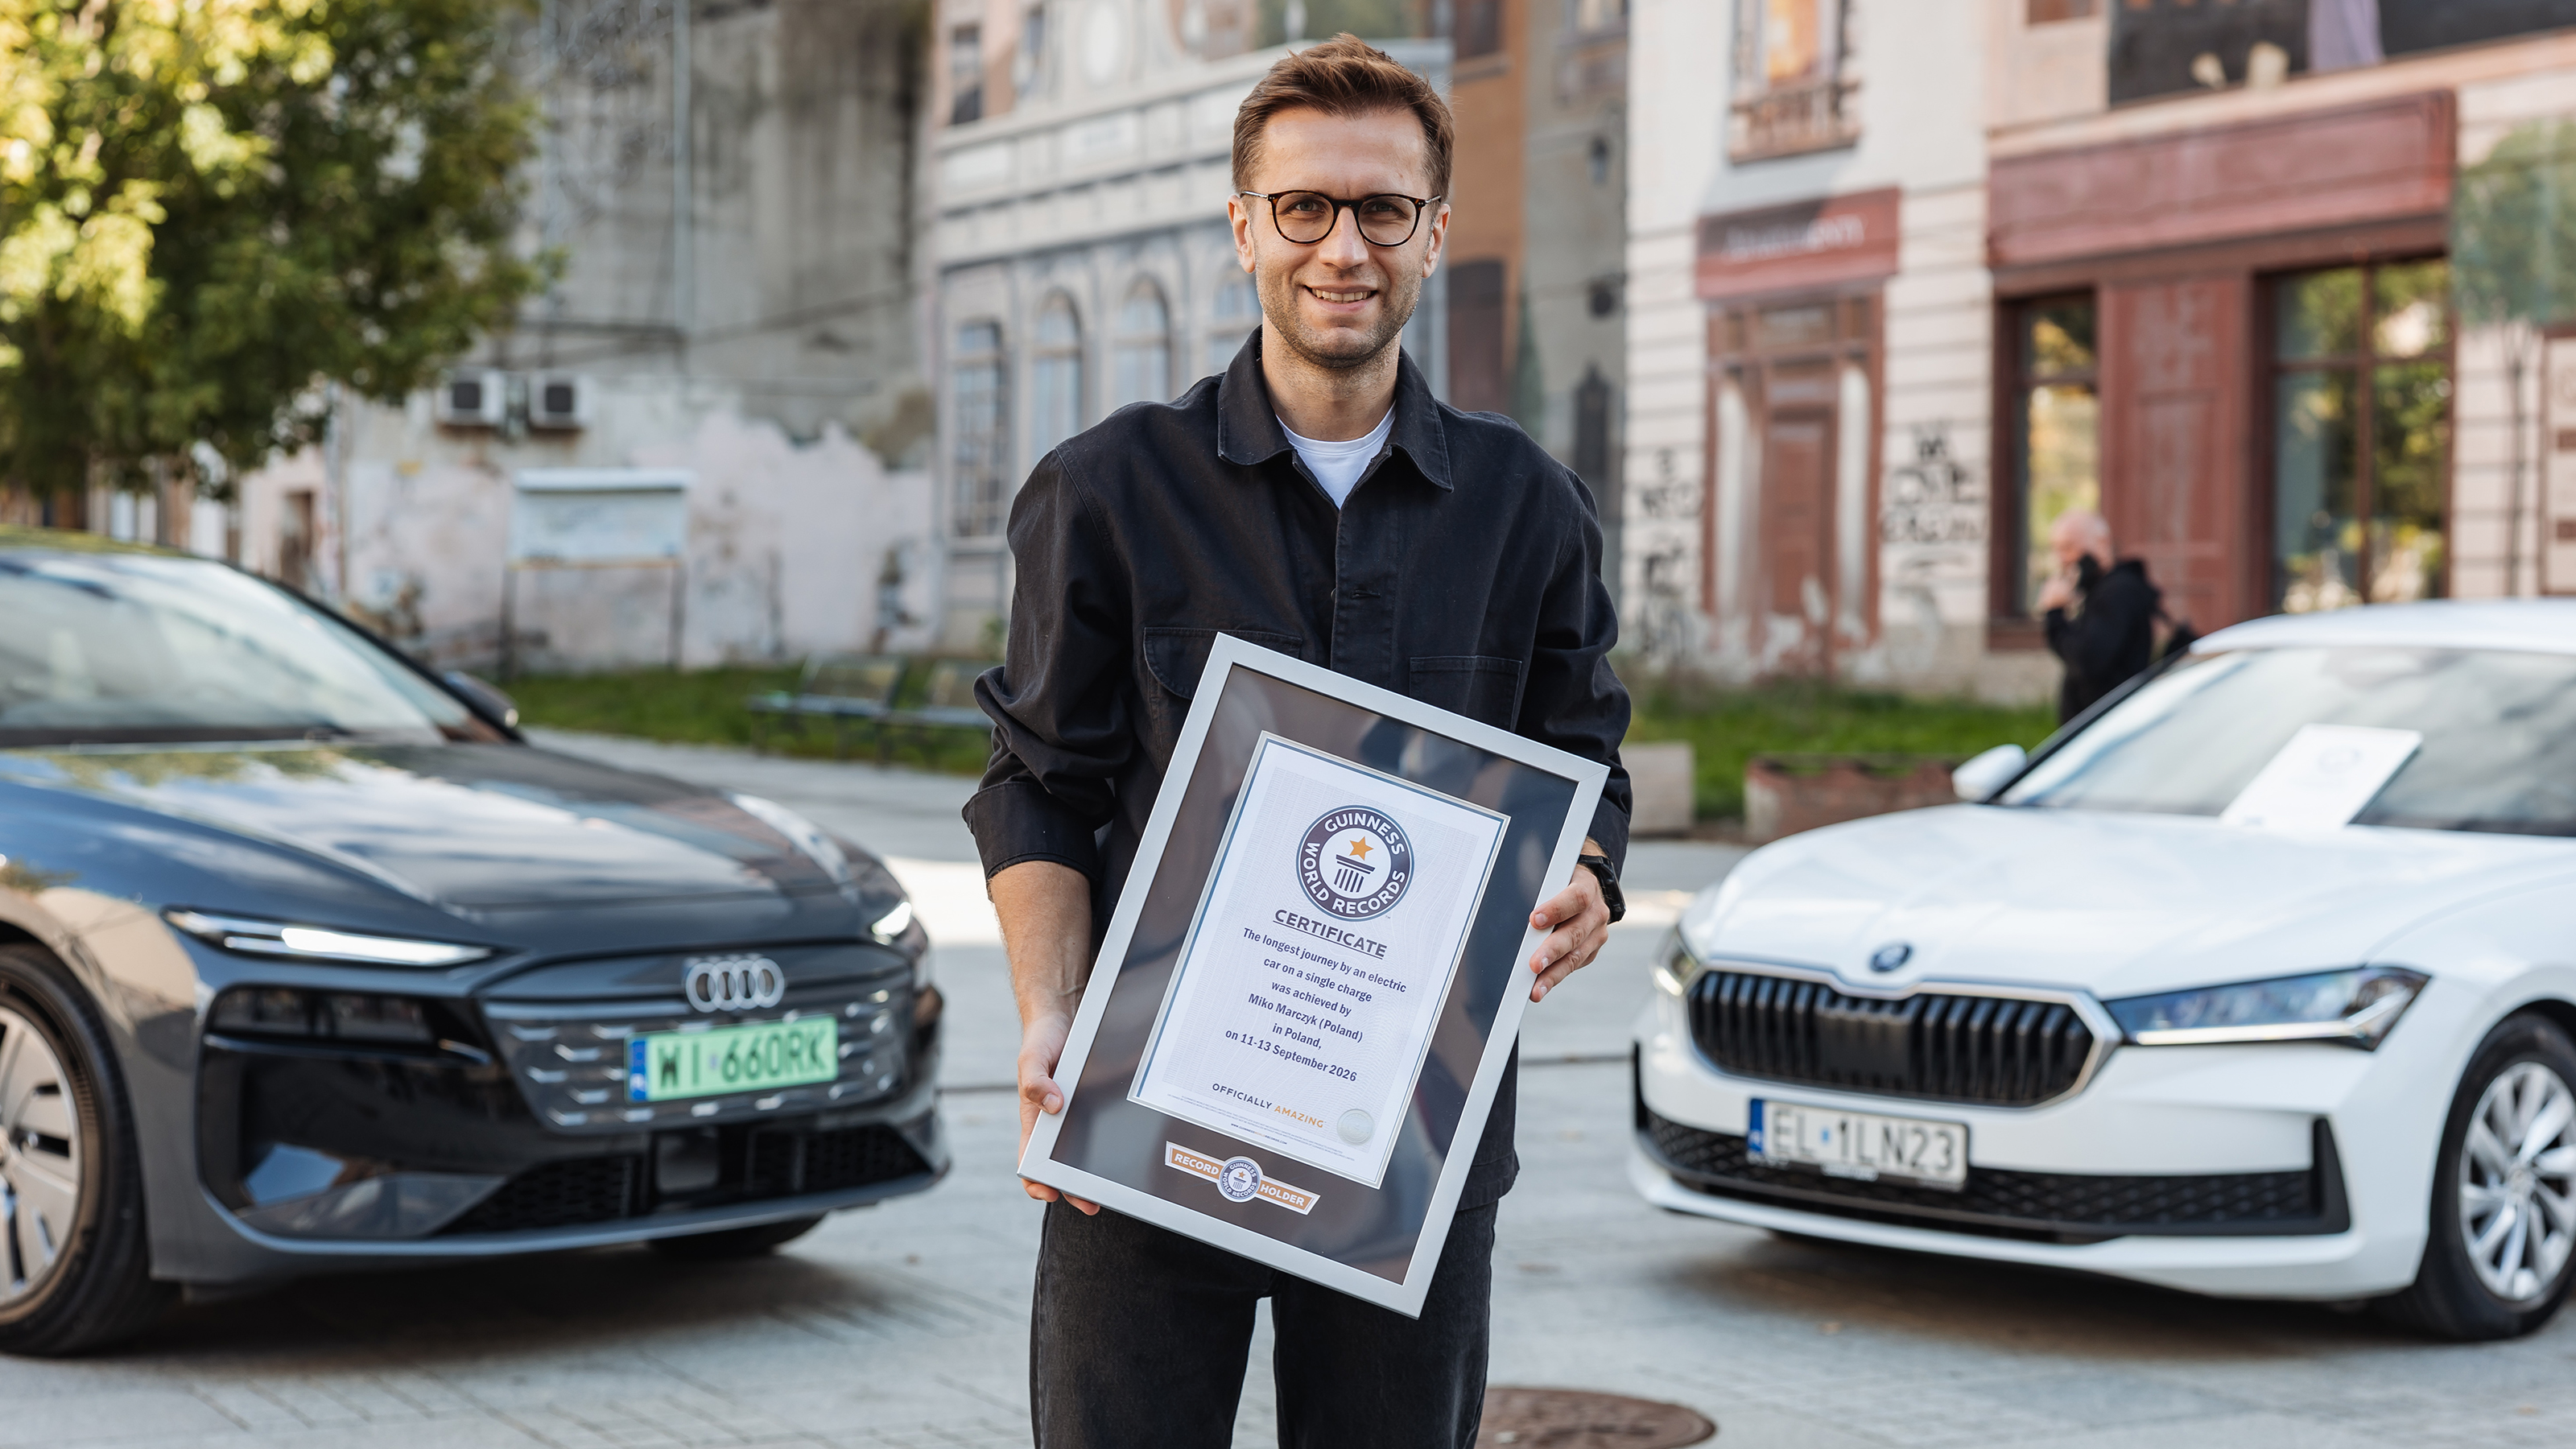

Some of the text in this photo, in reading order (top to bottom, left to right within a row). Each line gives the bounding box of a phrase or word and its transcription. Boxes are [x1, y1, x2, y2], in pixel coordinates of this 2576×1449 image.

[1324, 812, 1406, 855] GUINNESS
[1302, 842, 1406, 915] WORLD RECORDS
[1274, 909, 1388, 958] CERTIFICATE
[1243, 927, 1407, 993] The longest journey by an electric
[1263, 958, 1373, 1002] car on a single charge
[1248, 993, 1364, 1043] Miko Marczyk (Poland)
[1271, 981, 1352, 1018] was achieved by
[657, 1027, 828, 1091] WI 660RK
[1224, 1030, 1358, 1082] on 11-13 September 2026
[1272, 1022, 1322, 1050] in Poland,
[1212, 1083, 1324, 1129] OFFICIALLY AMAZING
[1773, 1109, 1955, 1172] EL 1LN23
[1174, 1153, 1306, 1207] RECORD HOLDER
[1222, 1172, 1257, 1198] WORLD RECORDS
[1229, 1162, 1257, 1179] GUINNESS
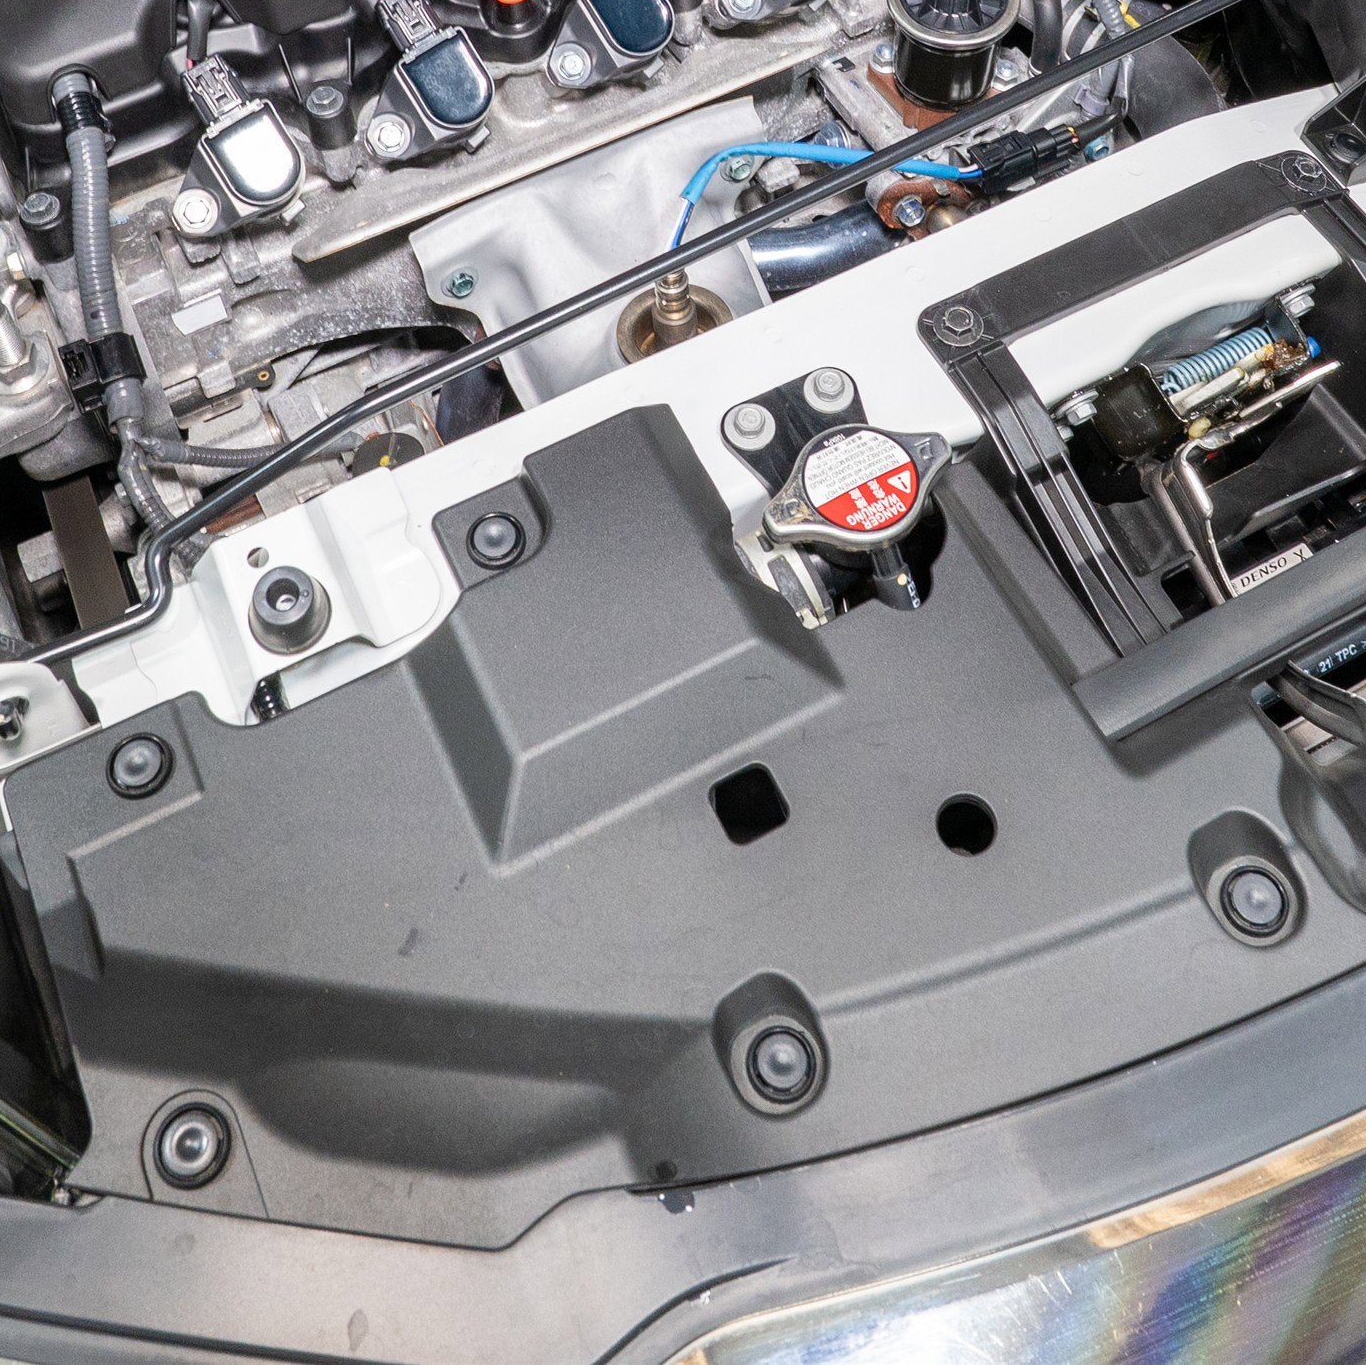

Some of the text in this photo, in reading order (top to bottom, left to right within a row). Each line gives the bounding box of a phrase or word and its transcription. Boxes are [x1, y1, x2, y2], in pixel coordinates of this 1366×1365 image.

[822, 458, 899, 499] NEVER OPEN WHEN HOT
[844, 491, 901, 526] WARNUNG
[861, 500, 906, 530] DANGER
[1239, 555, 1288, 588] DENSO
[1334, 643, 1358, 663] TPC
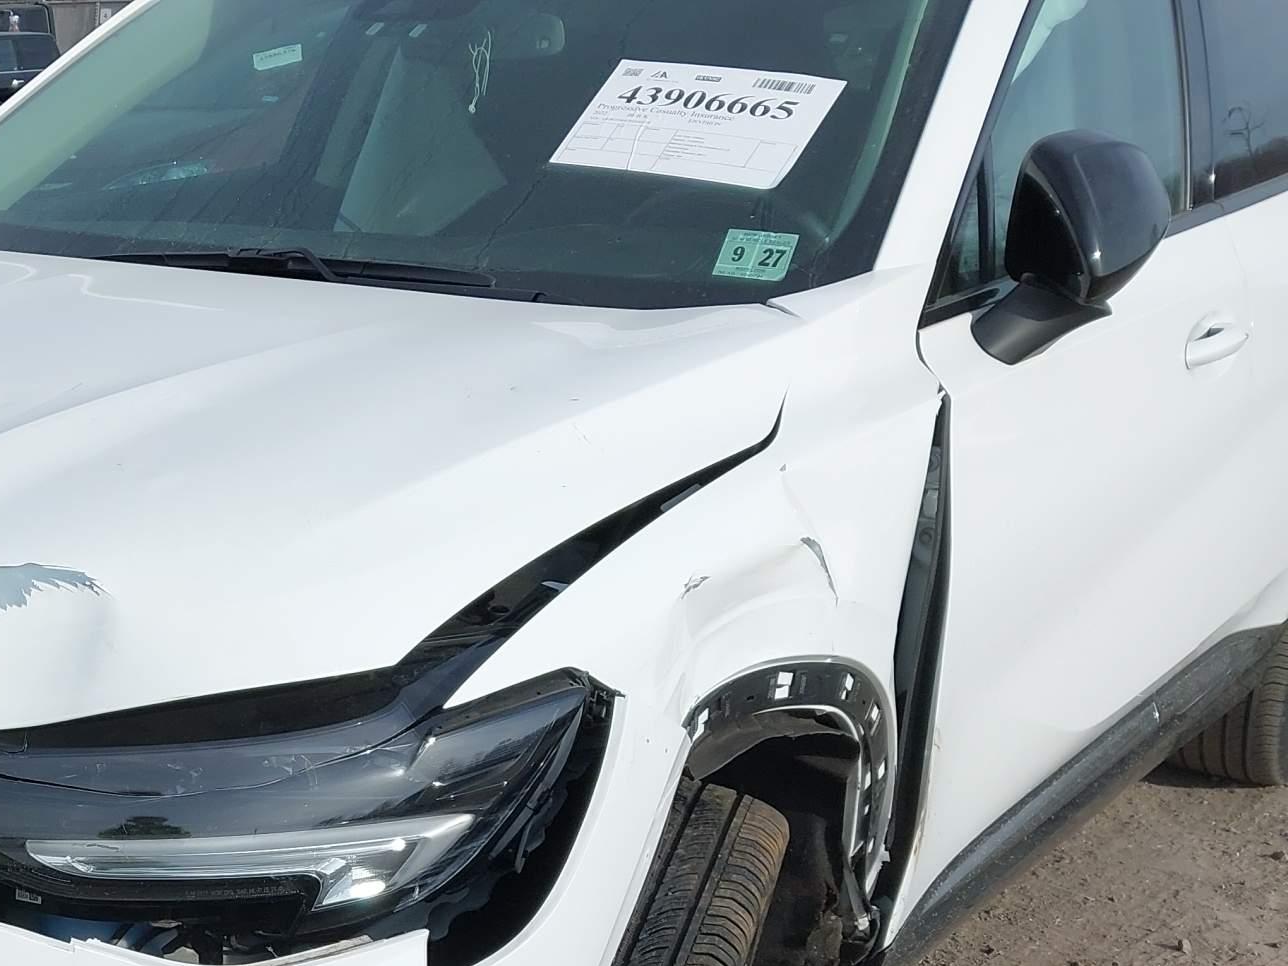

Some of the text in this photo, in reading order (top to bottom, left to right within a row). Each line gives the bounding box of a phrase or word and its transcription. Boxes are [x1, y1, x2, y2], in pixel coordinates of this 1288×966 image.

[596, 103, 648, 114] Progressive
[650, 106, 688, 117] Casualty
[690, 110, 736, 121] Insurance
[616, 85, 801, 120] 43906665
[731, 246, 787, 268] 9 27

▸ Task statement
Everything in the records except the pictures is to be repeated exactly.

▸ Task result
Some of the text in this photo, in reading order (top to bottom, left to right within a row). Each line gives the bounding box of a phrase or word and its transcription. Boxes are [x1, y1, x2, y2], in pixel coordinates of this 2576×1449 image.

[1324, 812, 1406, 855] GUINNESS
[1302, 842, 1406, 915] WORLD RECORDS
[1274, 909, 1388, 958] CERTIFICATE
[1243, 927, 1407, 993] The longest journey by an electric
[1263, 958, 1373, 1002] car on a single charge
[1248, 993, 1364, 1043] Miko Marczyk (Poland)
[1271, 981, 1352, 1018] was achieved by
[657, 1027, 828, 1091] WI 660RK
[1224, 1030, 1358, 1082] on 11-13 September 2026
[1272, 1022, 1322, 1050] in Poland,
[1212, 1083, 1324, 1129] OFFICIALLY AMAZING
[1773, 1109, 1955, 1172] EL 1LN23
[1174, 1153, 1306, 1207] RECORD HOLDER
[1222, 1172, 1257, 1198] WORLD RECORDS
[1229, 1162, 1257, 1179] GUINNESS

Some of the text in this photo, in reading order (top to bottom, left to right within a row). Each line gives the bounding box of a phrase or word and its transcription. Boxes are [x1, y1, x2, y2], in pixel coordinates of this 1366×1365 image.

[822, 458, 899, 499] NEVER OPEN WHEN HOT
[844, 491, 901, 526] WARNUNG
[861, 500, 906, 530] DANGER
[1239, 555, 1288, 588] DENSO
[1334, 643, 1358, 663] TPC

Some of the text in this photo, in reading order (top to bottom, left to right within a row). Each line gives the bounding box of a phrase or word and its transcription. Boxes are [x1, y1, x2, y2], in pixel coordinates of this 1288×966 image.

[596, 103, 648, 114] Progressive
[650, 106, 688, 117] Casualty
[690, 110, 736, 121] Insurance
[616, 85, 801, 120] 43906665
[731, 246, 787, 268] 9 27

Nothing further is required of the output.